Library in New York, United States

The Freeport Memorial Library is the main library serving the Incorporated Village of Freeport in Nassau County, on the South Shore of Long Island, in New York, United States. Its service area is known as the Freeport Library District. It is a member of the Nassau Library System.

== Description ==
The Freeport Memorial Library is one of Nassau County's largest public libraries. The library was founded in 1884 as part of the school system, granted a provisional charter by the state Board of Regents in 1895, and a permanent charter on December 21, 1899. In 1911 it was moved from a school building to a rented room in the Miller Building on South Grove Street. At that time it was a membership library: members paid ten cents for a card and were permitted to borrow two books at a time, one fiction and one nonfiction.

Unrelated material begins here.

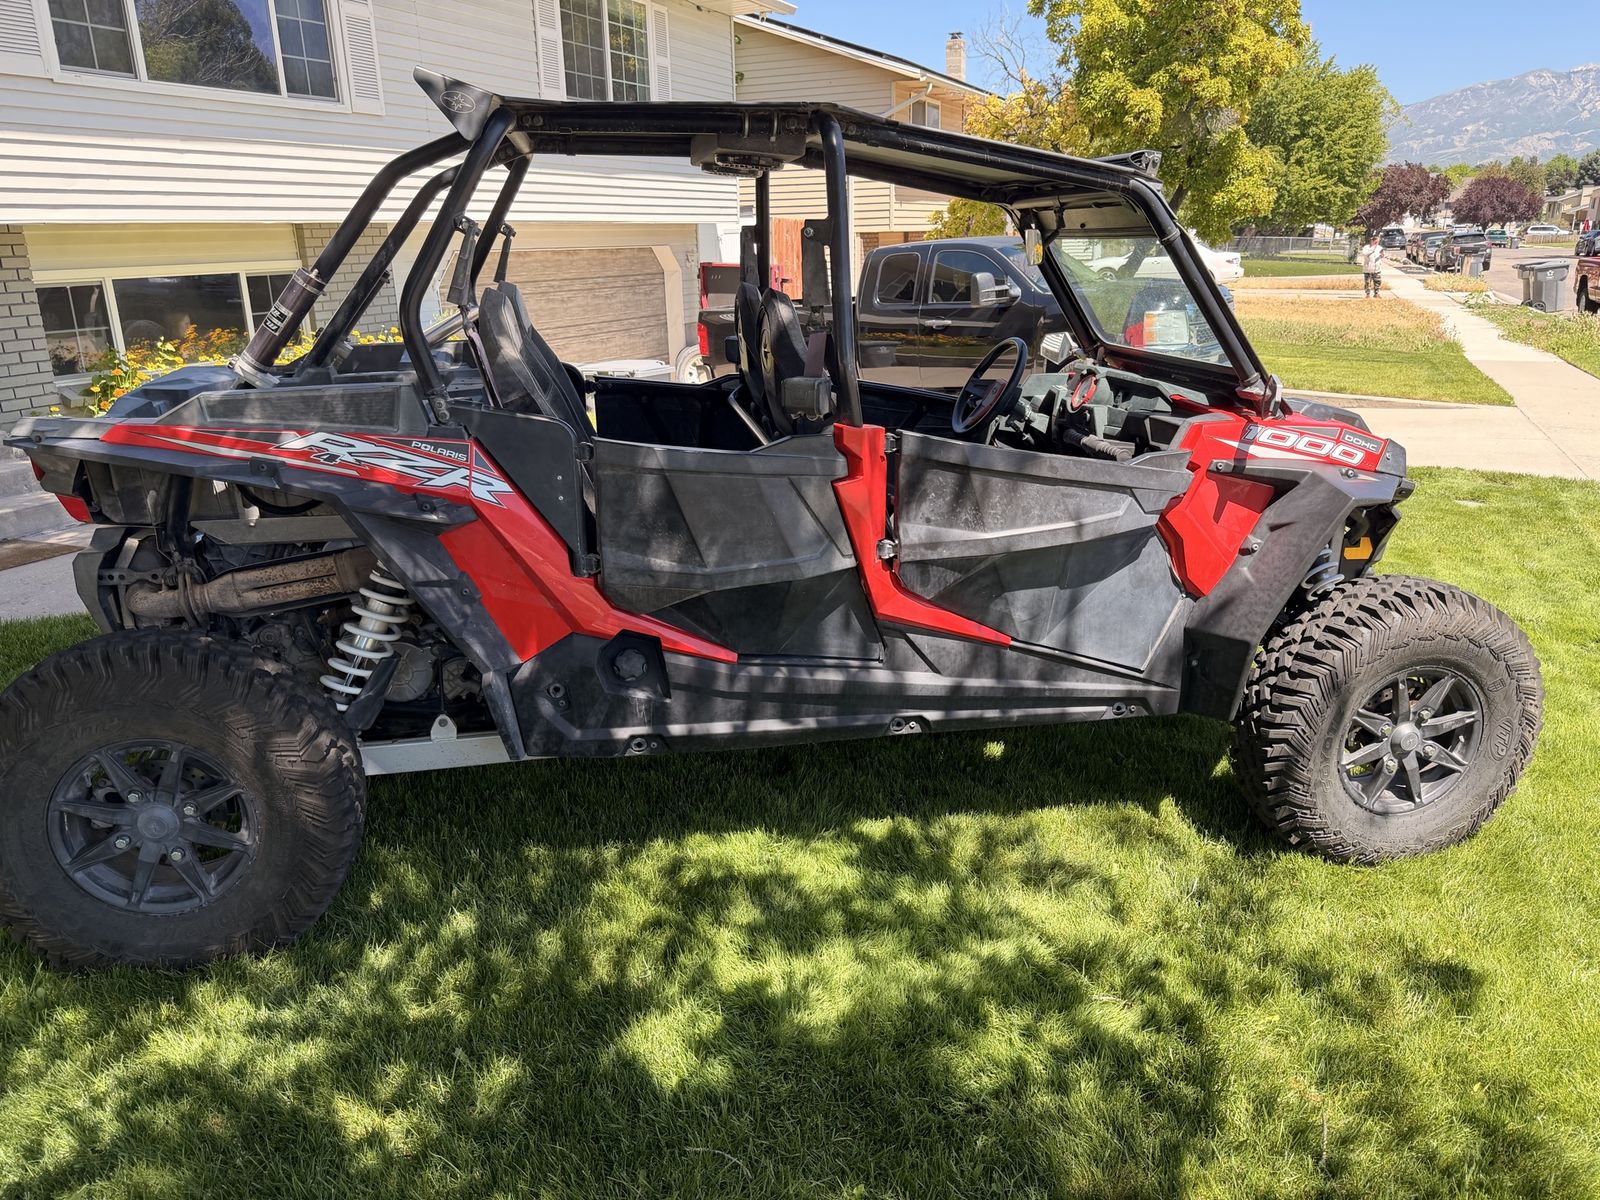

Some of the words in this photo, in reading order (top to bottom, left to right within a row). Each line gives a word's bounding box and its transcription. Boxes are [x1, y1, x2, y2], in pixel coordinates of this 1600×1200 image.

A drive was started in 1920 to construct a library building. The resulting library at the corner of Merrick Road and Ocean Avenue, a Beaux Arts building designed by architect Charles M. Hart, opened on Memorial Day, 1924. A year later it was renamed Freeport Memorial Library. In 1928, a tablet was erected with the names of Freeport's war dead from the American Civil War, Spanish–American War, and World War I.

Additional wings were dedicated on April 19, 1959, and on Memorial Day, 1985. Plaques were added to honor Freeporters who died in World War II, the Korean War, and the Vietnam War. The original plan was for such extensions to be built off of the original parts of the building.

== Service area ==
The Freeport Library District, which is served through the Freeport Memorial Library, serves the heavy majority of the Village of Freeport.